WHEREFORE, Judge Edgardo B. Diaz De Rivera, Jr. is found GUILTY of undue delay in the disposition of the Criminal Case No. 11-CR-8444. He is ordered to pay a FINE of Ten Thousand Pesos (Php10,000.00) to be deducted from his disability retirement benefits that may be due him.
Peralta, A. Reyes, Jr., and Hernando, JJ., concur.
Leonen, J., on leave.
1 Castro v. Judge Malaza, 187 Phil. 595, 601 (1980).
2 Rollo, pp. 1-4.
3 CANON 3 Impartiality. Impartiality is essential to the proper discharge of the judicial office. It applies not only to the decision itself but also to the process by which the decision is made. Sec. 1. Judges shall perform their judicial duties without favor, bias or prejudice.
4 CANON 5 Equality. Ensuring equality of treatment to all before the courts is essential to the due performance of the judicial office.
5 Rollo, p. 1.
6 Id. at 25-31.
7 Id. at 26-27.
8 Id. at 28.
9 Id. at 28-29.
10 Id. at 29.
11 Id. at 33.
12 Id. at 32-35.
13 Id. at 28.
16 Gadencio v. Pacis, 455 Phil. 778, 787-788 (2003).
17 Id. at 788.
19 Naguiat v. Capellan, 661 Phil. 476, 482 (2011), citing Philippine National Bank v. Donasco, G.R. No. L-18638, February 28, 1963, 7 SCRA 409, 413-419.

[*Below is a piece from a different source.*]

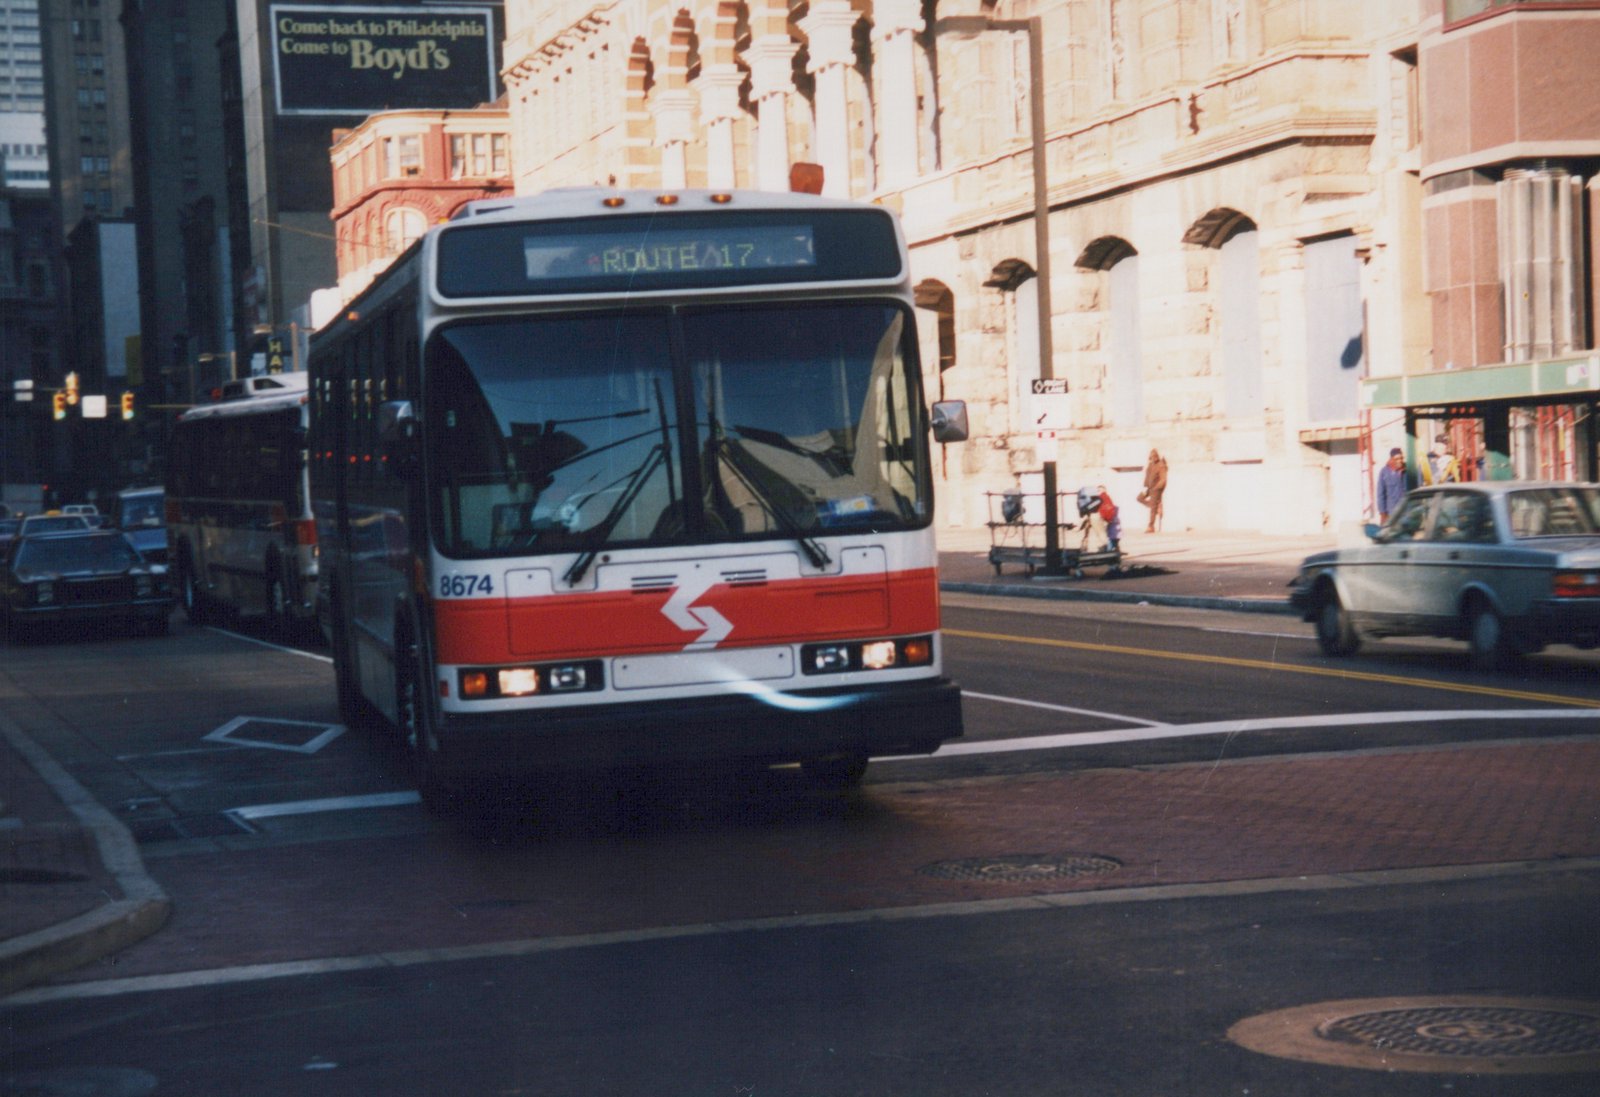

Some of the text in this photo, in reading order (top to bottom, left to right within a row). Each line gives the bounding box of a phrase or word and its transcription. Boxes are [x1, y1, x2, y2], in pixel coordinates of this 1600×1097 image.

20 Id. at 483, citing Sevilla v. Quintin, A.M. No. MTJ-05-1603, October 25, 2005.
21 661 Phil. 476 (2011).
22 Id. at 483-484.
23 Juson v. Judge Mondragon, 558 Phil. 613 (2007).
24 Id. at 623.
25 Rollo, p. 35.
26 Re: Failure of Judge Carbonell to Decide Cases and to Resolve Pending Motions in the RTC Br. 27, San Fernando, La Union, 713 Phil. 594, 600 (2013).